Add a aws.yml file to .github/workflows containing something like:

# This workflow will build and push a new container image to Amazon ECR,
# and then will deploy a new task definition to Amazon ECS, when there is a push to the "dev" branch.
#
# To use this workflow, you will need to complete the following set-up steps:
#
# 1. Create an ECR repository to store your images.
#    For example: `aws ecr create-repository --repository-name my-ecr-repo --region us-east-2`.
#    Replace the value of the `ECR_REPOSITORY` environment variable in the workflow below with your repository's name.
#    Replace the value of the `AWS_REGION` environment variable in the workflow below with your repository's region.
#
# 2. Create an ECS task definition, an ECS cluster, and an ECS service.
#    For example, follow the Getting Started guide on the ECS console:
#      https://us-east-2.console.aws.amazon.com/ecs/home?region=us-east-2#/firstRun
#    Replace the value of the `ECS_SERVICE` environment variable in the workflow below with the name you set for the Amazon ECS service.
#    Replace the value of the `ECS_CLUSTER` environment variable in the workflow below with the name you set for the cluster.
#
# 3. Store your ECS task definition as a JSON file in your repository.
#    The format should follow the output of `aws ecs register-task-definition --generate-cli-skeleton`.
#    Replace the value of the `ECS_TASK_DEFINITION` environment variable in the workflow below with the path to the JSON file.
#    Replace the value of the `CONTAINER_NAME` environment variable in the workflow below with the name of the container
#    in the `containerDefinitions` section of the task definition.
#
# 4. Store an IAM user access key in GitHub Actions secrets named `AWS_ACCESS_KEY_ID` and `AWS_SECRET_ACCESS_KEY`.
#    See the documentation for each action used below for the recommended IAM policies for this IAM user,
#    and best practices on handling the access key credentials.

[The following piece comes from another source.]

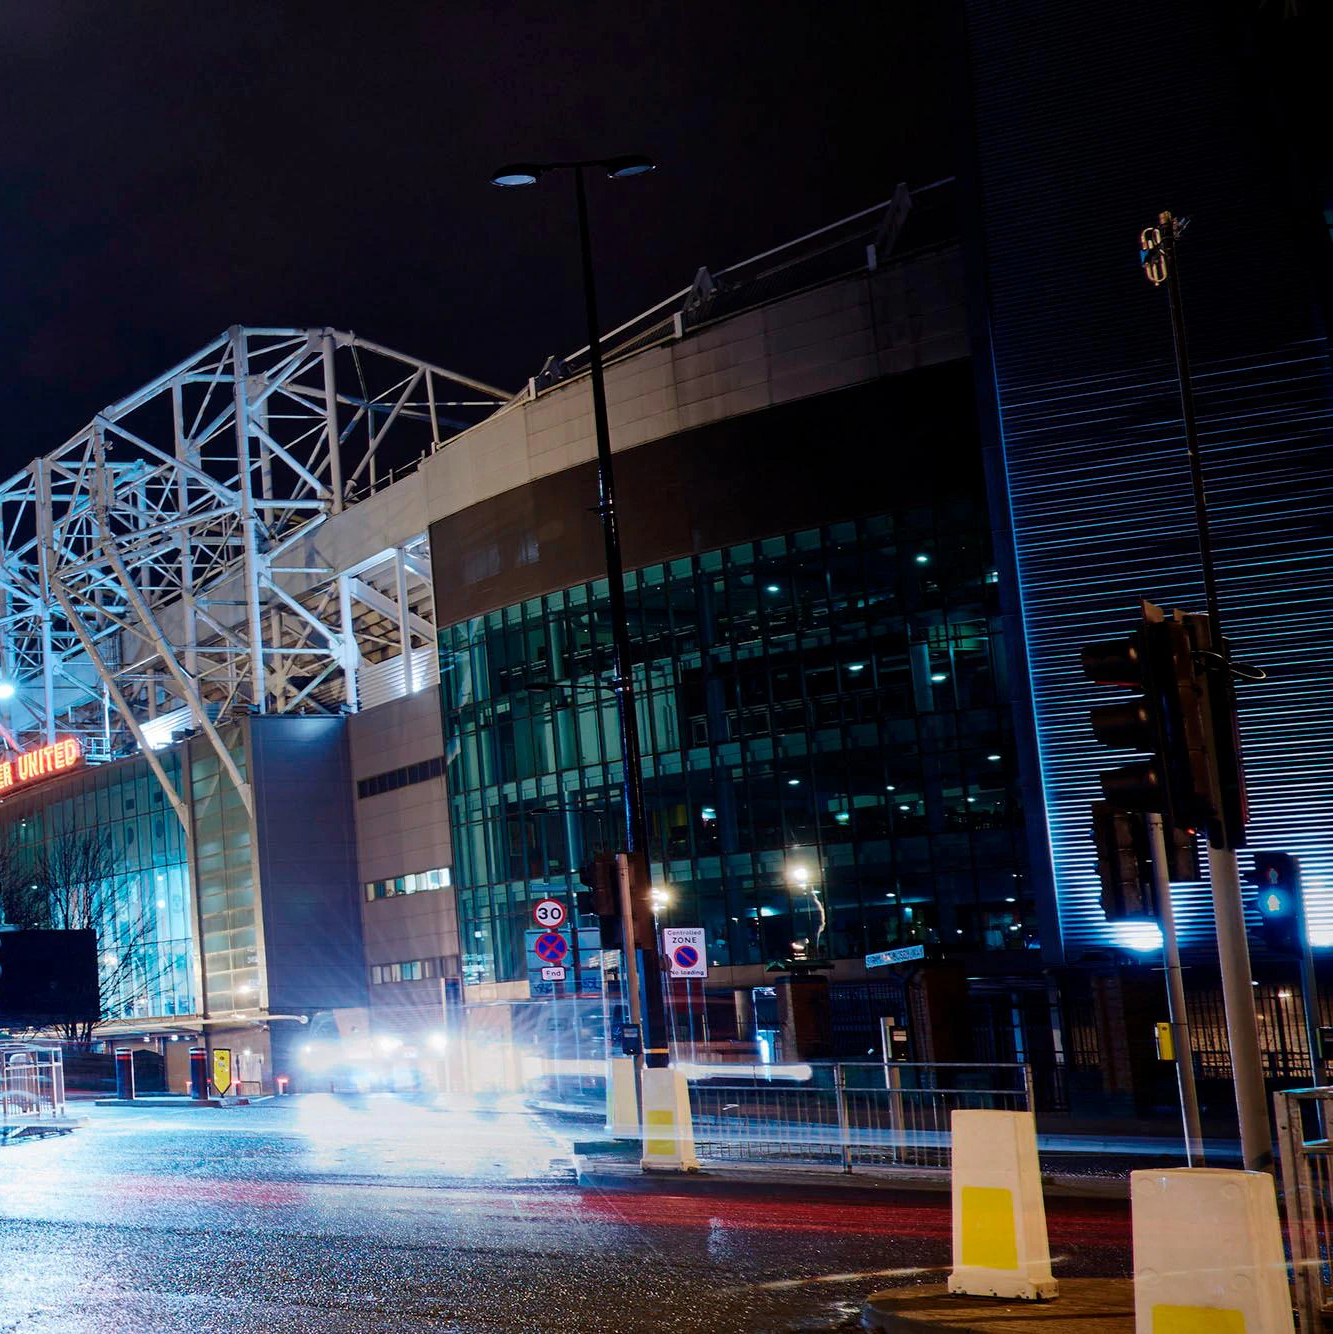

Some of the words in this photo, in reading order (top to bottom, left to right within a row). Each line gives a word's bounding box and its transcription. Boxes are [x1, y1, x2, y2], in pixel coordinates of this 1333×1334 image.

[17, 739, 79, 781] UNITED
[538, 907, 562, 920] 30
[672, 936, 697, 944] ZONE

name: Deploy to Amazon ECS

on:
  push:
    branches:
      - "${My Orginzation Name}"

env:
  AWS_REGION: ${{ secrets.MY_AWS_REGION }}                   # set this to your preferred AWS region, e.g. us-west-1
  ECR_REPOSITORY: ${{ secrets.MY_ECR_REPOSITORY }}           # set this to your Amazon ECR repository name
  ECS_SERVICE: ${{ secrets.MY_ECS_SERVICE }}                 # set this to your Amazon ECS service name
  ECS_CLUSTER: ${{ secrets.MY_ECS_CLUSTER }}                 # set this to your Amazon ECS cluster name
  ECS_TASK_DEFINITION: ${{ secrets.MY_ECS_TASK_DEFINITION }} # set this to the path to your Amazon ECS task definition
  # file, e.g. .aws/task-definition.json
  ECS_TASK_DEFINITION_NAME: ${{ secrets.MY_ECS_TASK_DEFINITION_NAME }} # set this to the name to your Amazon ECS task definition
  CONTAINER_NAME: ${{ secrets.MY_CONTAINER_NAME }}           # set this to the name of the container in the
  # containerDefinitions section of your task definition

permissions:
  contents: read

jobs:
  deploy:
    name: Deploy
    runs-on: ubuntu-latest
    environment: production

    steps:
      - name: Checkout
        uses: actions/checkout@v3

      - name: Configure AWS credentials
        id: config-aws-credentials
        uses: aws-actions/configure-aws-credentials@v1
        with:
          aws-access-key-id: ${{ secrets.AWS_ACCESS_KEY_ID }}
          aws-secret-access-key: ${{ secrets.AWS_SECRET_ACCESS_KEY }}
          aws-region: ${{ env.AWS_REGION }}

      - name: Login to Amazon ECR
        id: login-ecr
        uses: aws-actions/amazon-ecr-login@v1

      - name: Build, tag, and push image to Amazon ECR
        id: build-image
        env:
          ECR_REGISTRY: ${{ steps.login-ecr.outputs.registry }}
          IMAGE_TAG: ${{ github.sha }}
        run: |
          # Build a docker container and
          # push it to ECR so that it can
          # be deployed to ECS.
          sed -i 's/github-ssh/github/g' myaddons.xml
          ./gradlew getRuntime downloadOpenSearch getComponentSet -PcomponentSet=${My Orginzation Name}
          sleep 1
          ./gradlew addRuntime
          cd docker/simple
          ./docker-build.sh ../.. $ECR_REGISTRY/$ECR_REPOSITORY:latest
          docker push $ECR_REGISTRY/$ECR_REPOSITORY:latest
          echo "::set-output name=image::$ECR_REGISTRY/$ECR_REPOSITORY:latest"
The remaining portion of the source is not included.